#### EXERCISE DATA
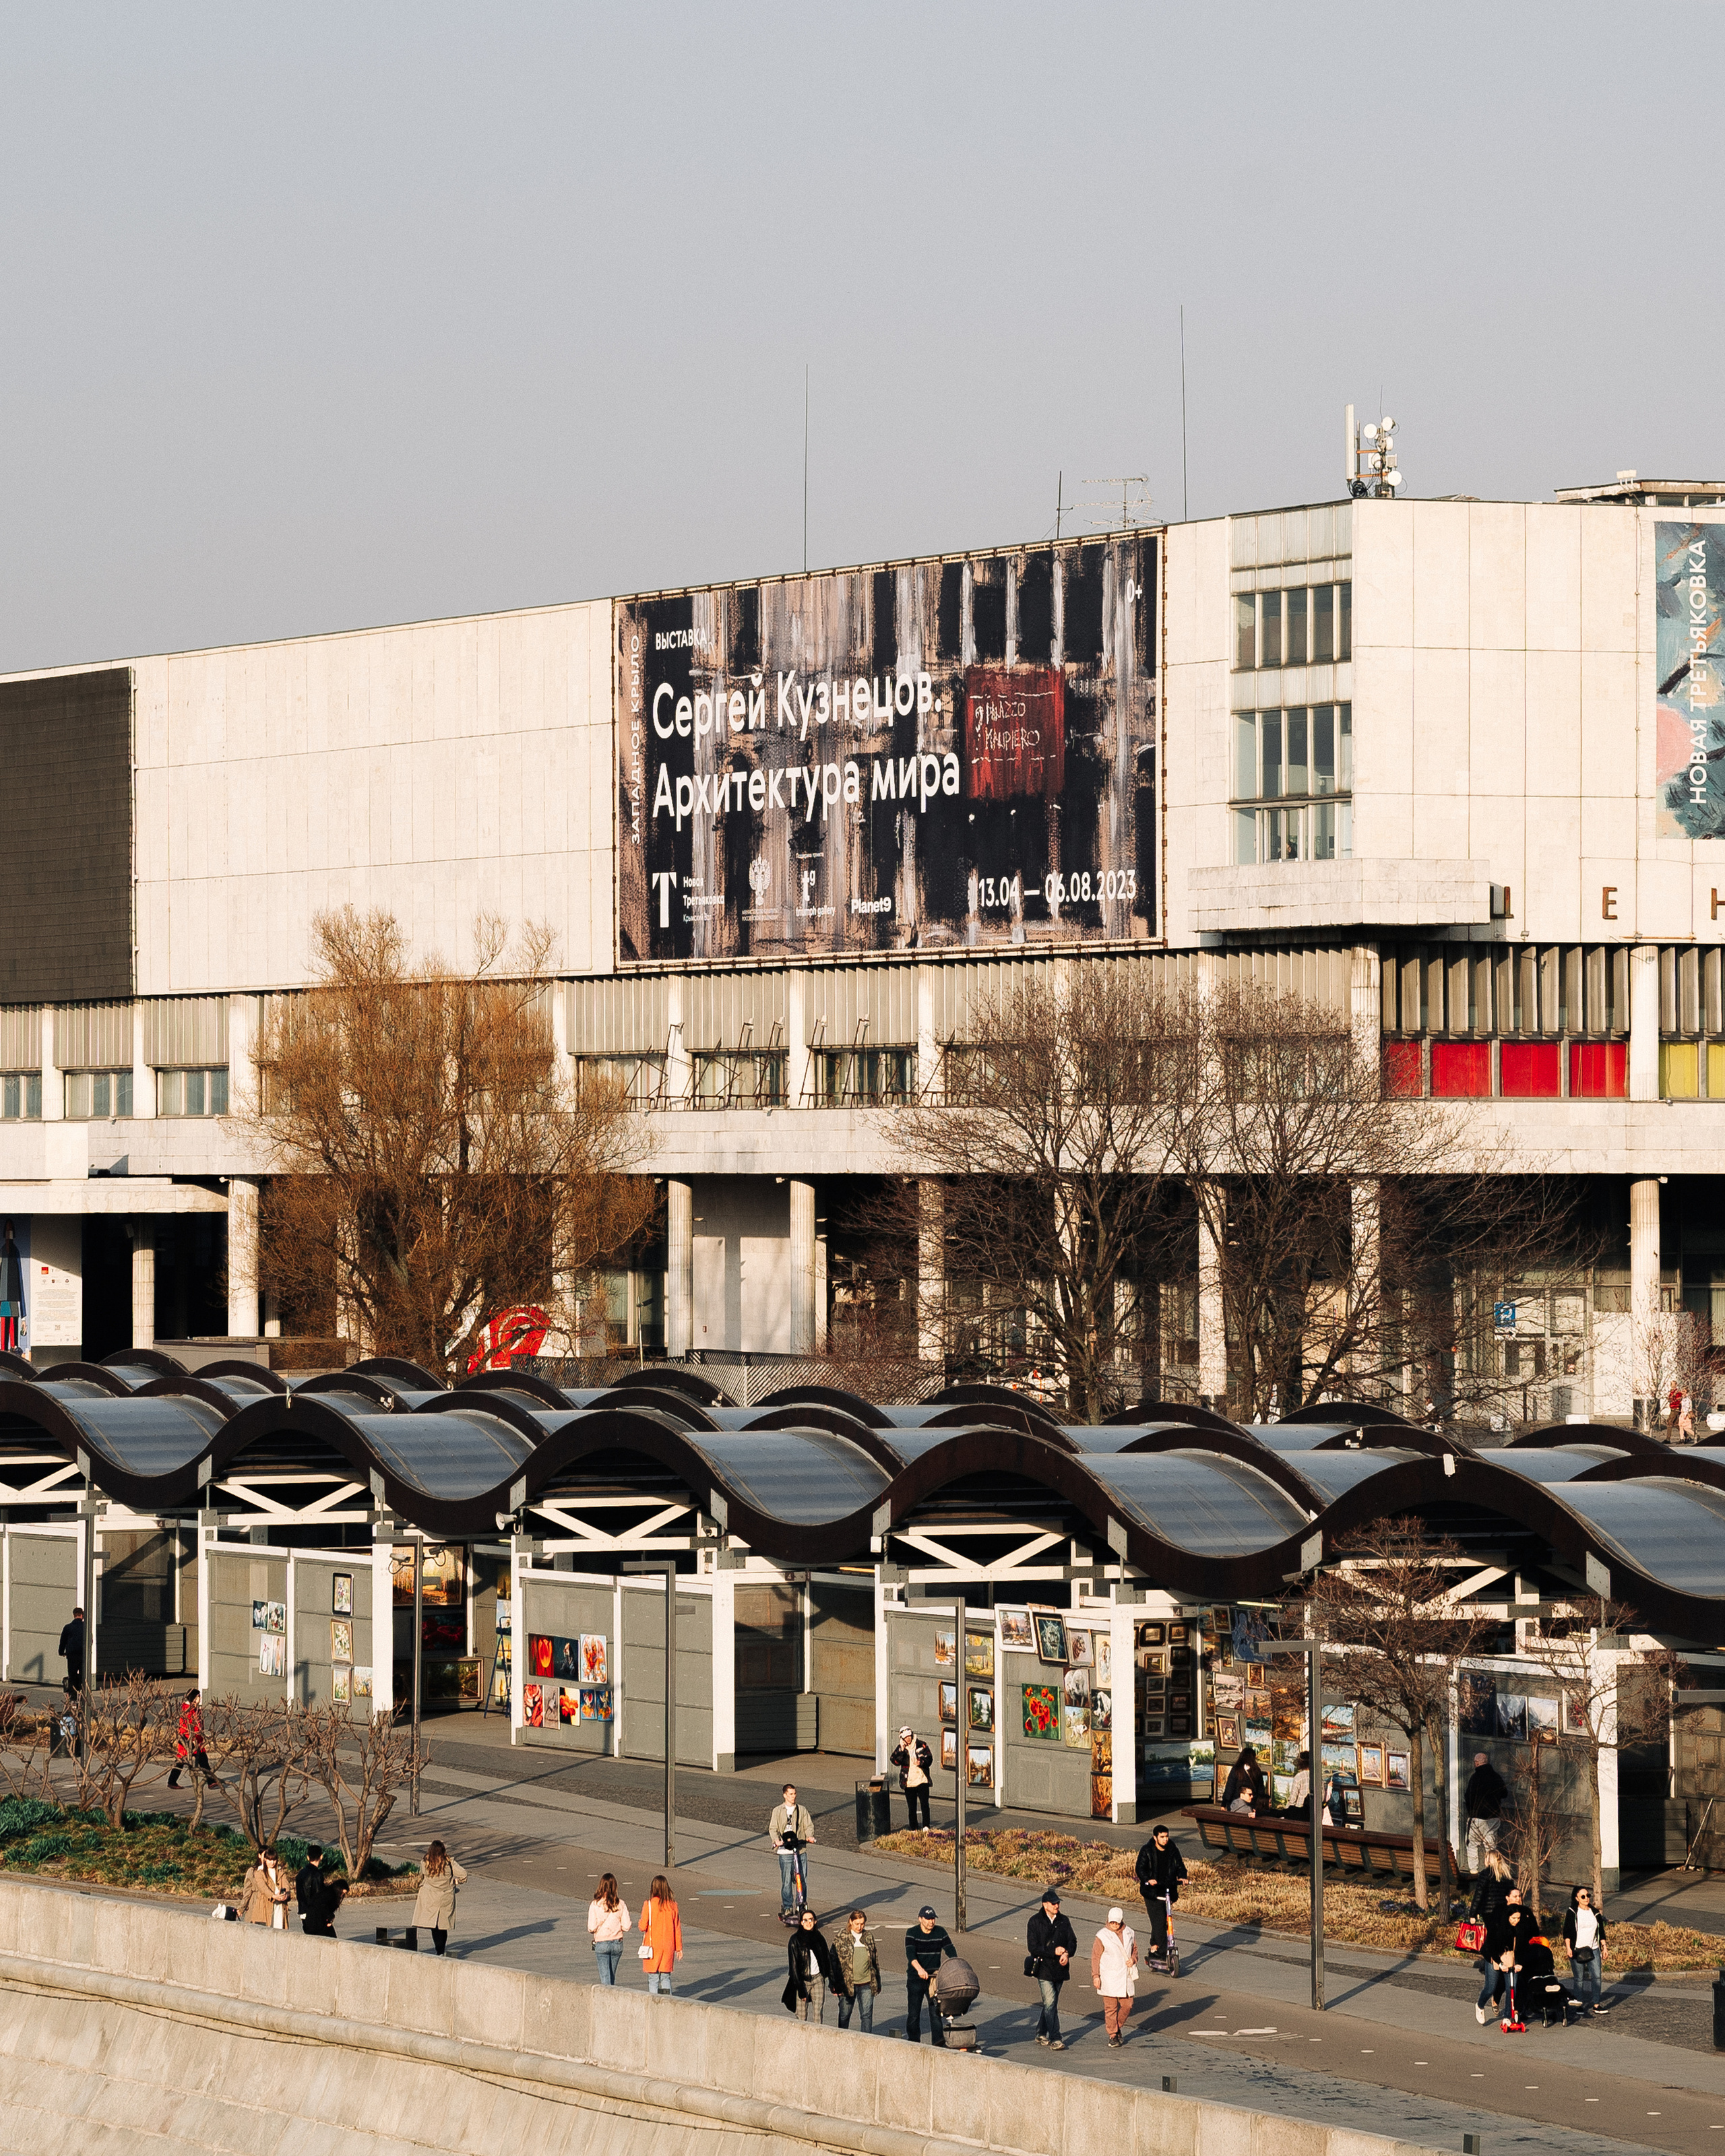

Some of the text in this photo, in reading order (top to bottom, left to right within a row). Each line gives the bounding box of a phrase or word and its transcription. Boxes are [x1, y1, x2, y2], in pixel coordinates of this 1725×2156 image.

[1127, 579, 1143, 603] 0+
[655, 627, 708, 650] ВЫСТАВКА
[1689, 540, 1707, 804] НОВАЯ ТРЕТЬЯКОВКА
[652, 670, 942, 751] Сергей Кузнецов.
[631, 635, 641, 844] ЗАПАДНОЕ КРЫЛО
[652, 752, 960, 832] Архитектура мира
[683, 876, 704, 888] Новая
[978, 876, 1020, 908] 13.04
[1045, 869, 1137, 903] 06.08.2023
[683, 895, 725, 909] Третьяковка
[851, 897, 891, 914] Planet9
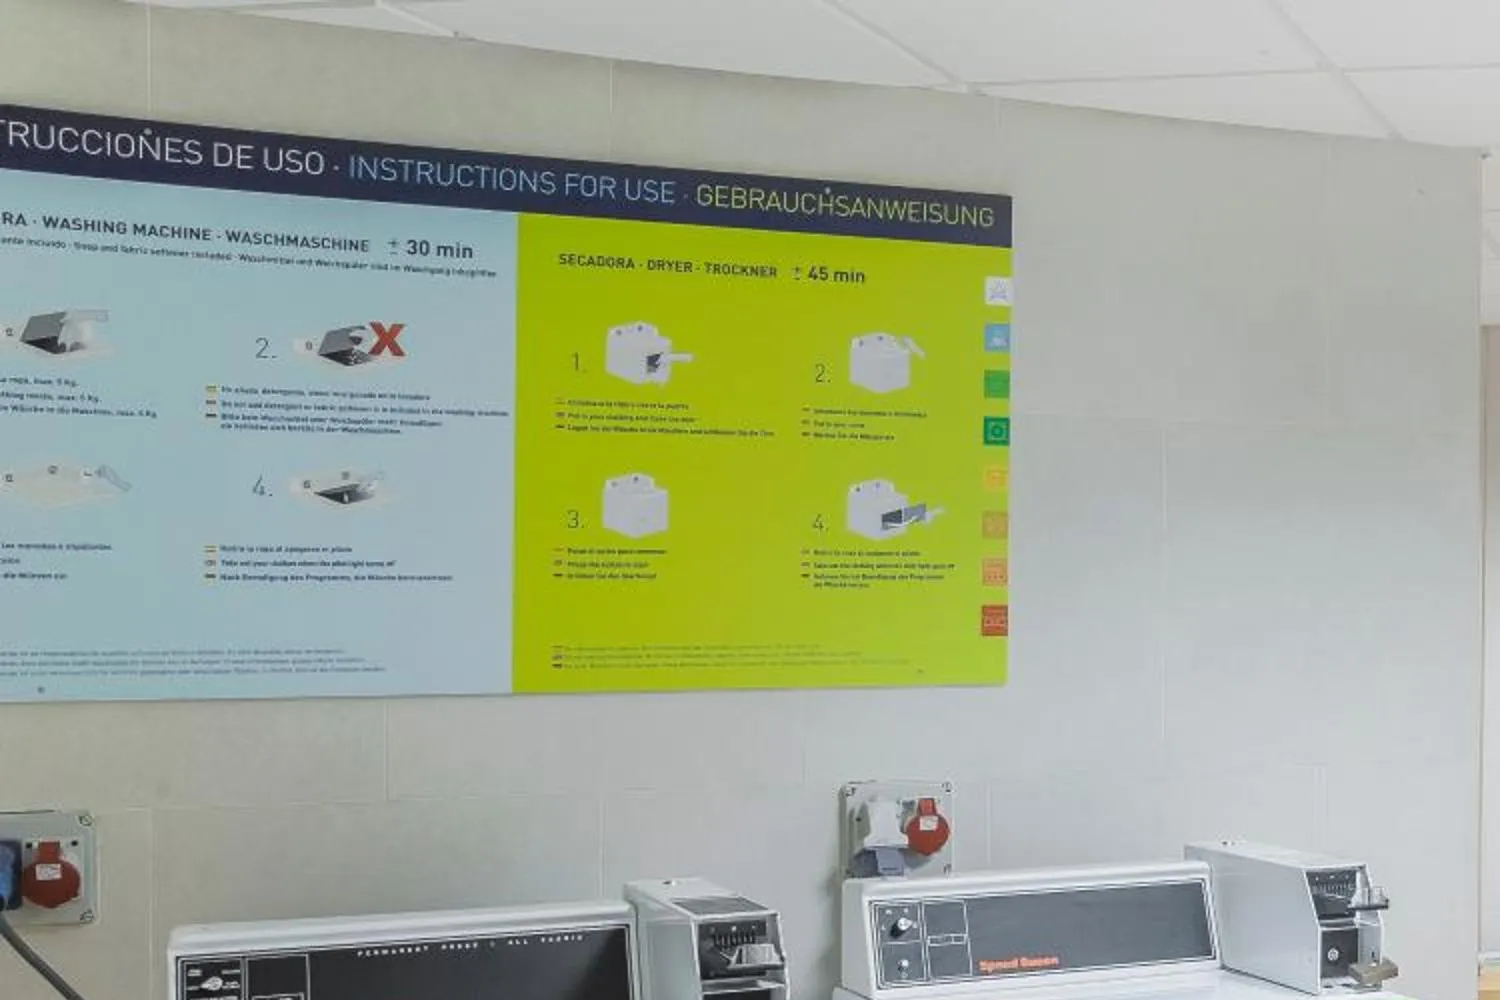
########
§ WHAT TO WORK ON
Restate the data word for word without pictures.

§ COMPLETED EXERCISE
Some of the text in this photo, in reading order (top to bottom, left to right within a row). Each line gives the bounding box of a phrase or word and its transcription. Boxes are [x1, y1, x2, y2], in pixel coordinates of this 1725×2156 image.

[1127, 579, 1143, 603] 0+
[655, 627, 708, 650] ВЫСТАВКА
[1689, 540, 1707, 804] НОВАЯ ТРЕТЬЯКОВКА
[652, 670, 942, 751] Сергей Кузнецов.
[631, 635, 641, 844] ЗАПАДНОЕ КРЫЛО
[652, 752, 960, 832] Архитектура мира
[683, 876, 704, 888] Новая
[978, 876, 1020, 908] 13.04
[1045, 869, 1137, 903] 06.08.2023
[683, 895, 725, 909] Третьяковка
[851, 897, 891, 914] Planet9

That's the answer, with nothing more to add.